When I look at the forest plot a quick calculation shows that roughly 37% of the included studies did not find a significant difference. This could mean that confidence in the bundle approach could be less than 100% and give wriggle room to the naysayers. My question is, having experienced ‘implementation’ of a surgical site infection prevention bundle (with a subsequent rise in infection rate!) whether the bundles were well implemented (in our case, not, as only one in five got the bundle).
The review authors described compliance with the bundles in their analysis, reporting that this was determined (or reported) in only 24% of pre-and post-implementation and in a further 11% post-implementation studies only. That leaves 65% of papers not reporting on compliance at all and in the ones that did report, it was suboptimal in every one. To me, this means that the positive effect that we see is the absolute minimum possible positive effect and I wonder what better compliance would have shown. The studies that did not report a significant effect of a bundle may have been those that did not look at (or report) compliance. Is it time for reviewers of bundle intervention papers to ask authors to include compliance and a discussion of the results of compliance monitoring in the reports?
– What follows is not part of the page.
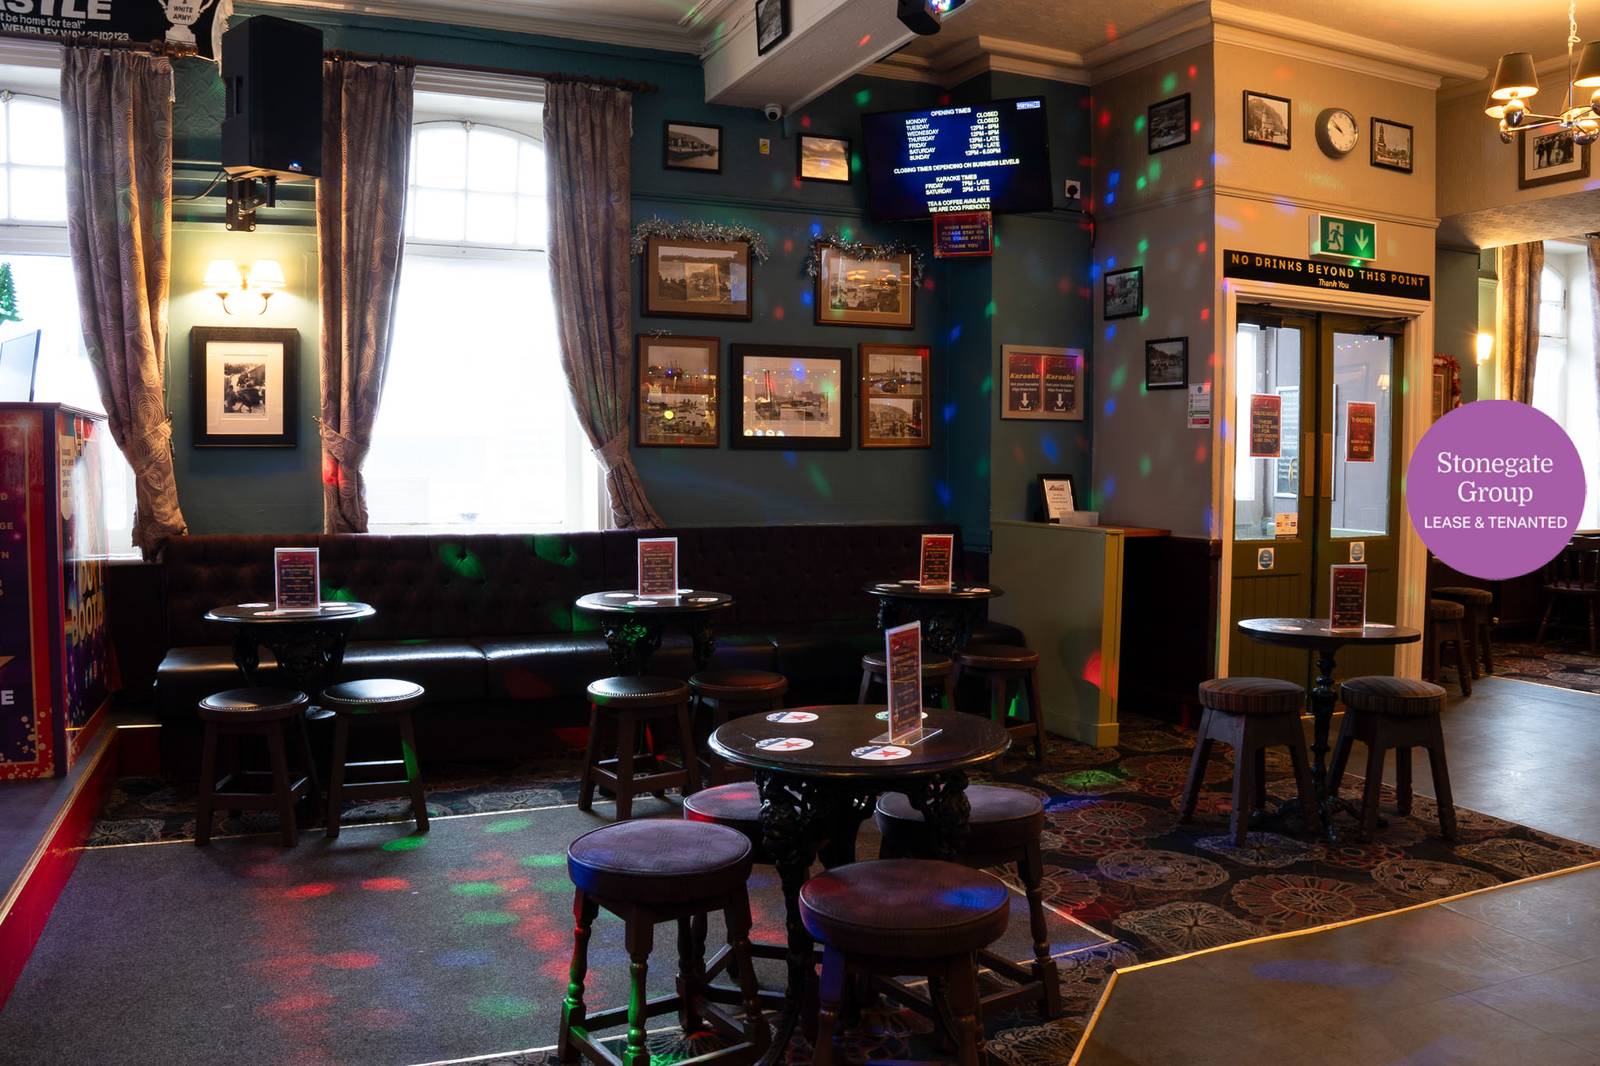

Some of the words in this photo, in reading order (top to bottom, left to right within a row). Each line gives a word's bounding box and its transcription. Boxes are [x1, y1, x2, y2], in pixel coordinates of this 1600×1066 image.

The authors finish with a call for studies on protocol compliance instead of yet more effectiveness studies. I totally concur, since we already have the 79 included in this review! The evidence is clear; that bundles work. We should now concentrate on how best to implement and ensure that the vulnerable in our care get optimal, evidence-based interventions on every occasion. I think that sometimes we (and almost always our clinical colleagues) think that we already do this. This review demonstrates just how far we are from being in that happy state.
Large scale change implementation process must be transformational or doomed to fail : think improvement theory ,system change , hearts and minds not buy in invest ! Needs time and head space.